Tirando o bode da sala - ICMS RJ - Lei 6.357/2012

Fonte: Rubens Branco

Diz uma lenda na Índia que determinado guru foi procurado por um crente reclamando da vida por razões de falta de dinheiro, condições para educar os filhos, falta de comida etc. O guru perguntou ao crente se ele teria um bode ao que o crente respondeu que sim. Disse então o guru ao crente: coloque o bode na sala de sua casa que todos os problemas serão relativizados.

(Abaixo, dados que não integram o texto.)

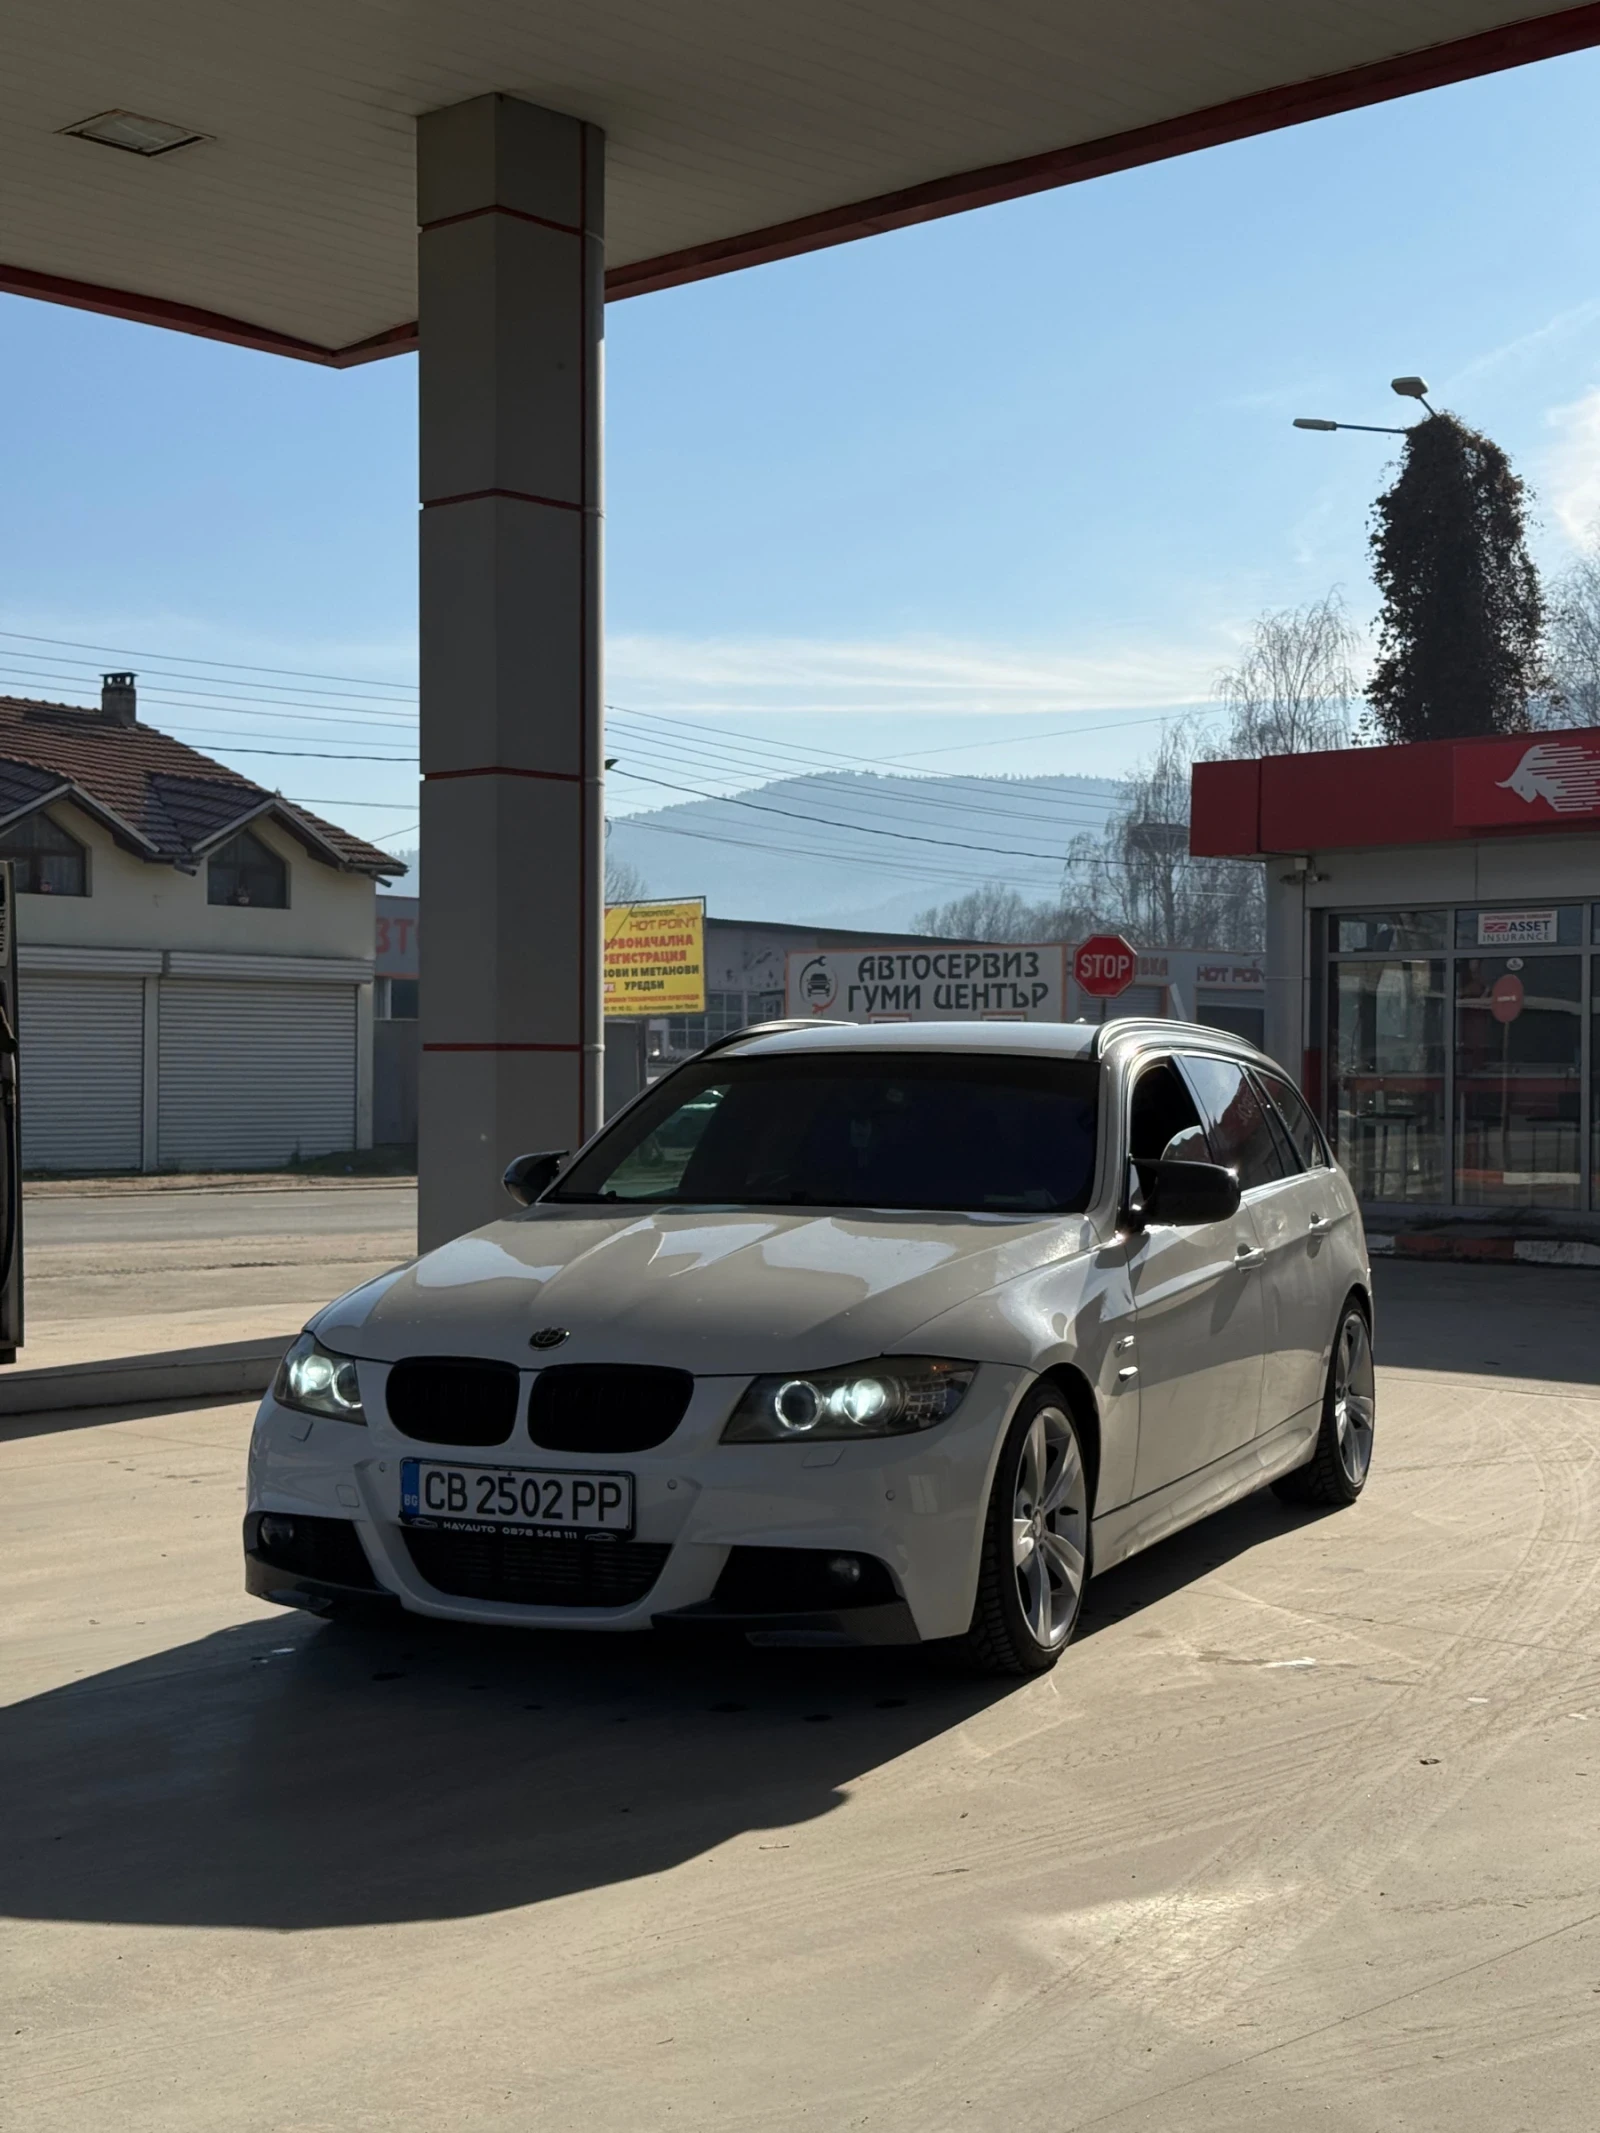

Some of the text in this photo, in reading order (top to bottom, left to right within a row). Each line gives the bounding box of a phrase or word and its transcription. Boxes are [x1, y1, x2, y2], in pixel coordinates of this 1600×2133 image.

 Ainda que um pouco cético quanto à sugestão feita pelo guru, o crente colocou o bode na sala da casa. Após algumas semanas, a vida que já era ruim virou um inferno dentro da casa do crente haja vista que aos problemas anteriores agora tinha um bode mal cheiroso que sujava toda a casa e que comia e rasgava o pouco que existia dentro da casa.

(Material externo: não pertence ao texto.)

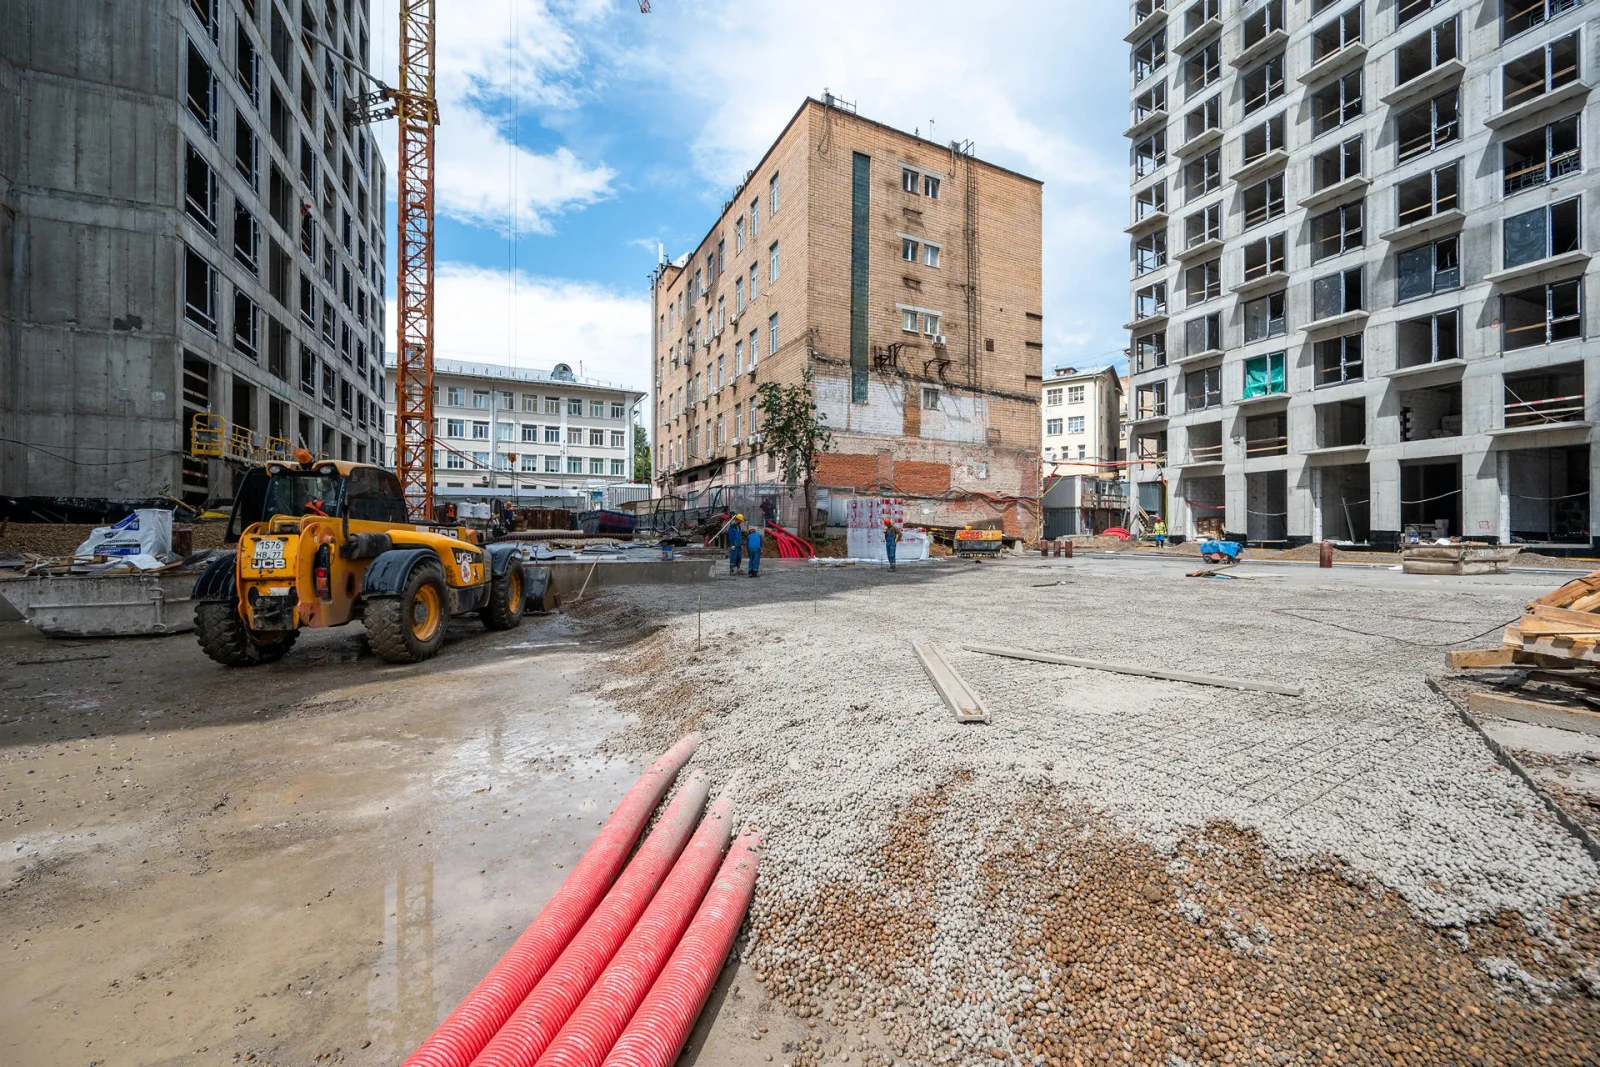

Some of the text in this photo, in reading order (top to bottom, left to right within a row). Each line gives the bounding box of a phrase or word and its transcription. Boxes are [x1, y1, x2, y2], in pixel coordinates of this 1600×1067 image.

[260, 541, 281, 549] 1576
[455, 552, 473, 563] JCB
[251, 559, 286, 568] JCB

 Volta o crente ao guru e apresenta agora a situação crítica que a sua casa se encontrava sendo que o guru do alto de sua sapiência diz ao crente: tire agora o bode da sala e verás que sua vida irá melhorar sensivelmente.

 Mutatis mutantis é mais ou menos assim com a legislação do ICMS que existe nos Estados pois é uma legislação anacrônica, com multas exorbitantes e com obrigações acessórias que nem mesmo um guru bem intencionado consegue seguir. Ou seja, uma legislação que estimula a corrupção e que inferniza a vida daqueles que produzem no País.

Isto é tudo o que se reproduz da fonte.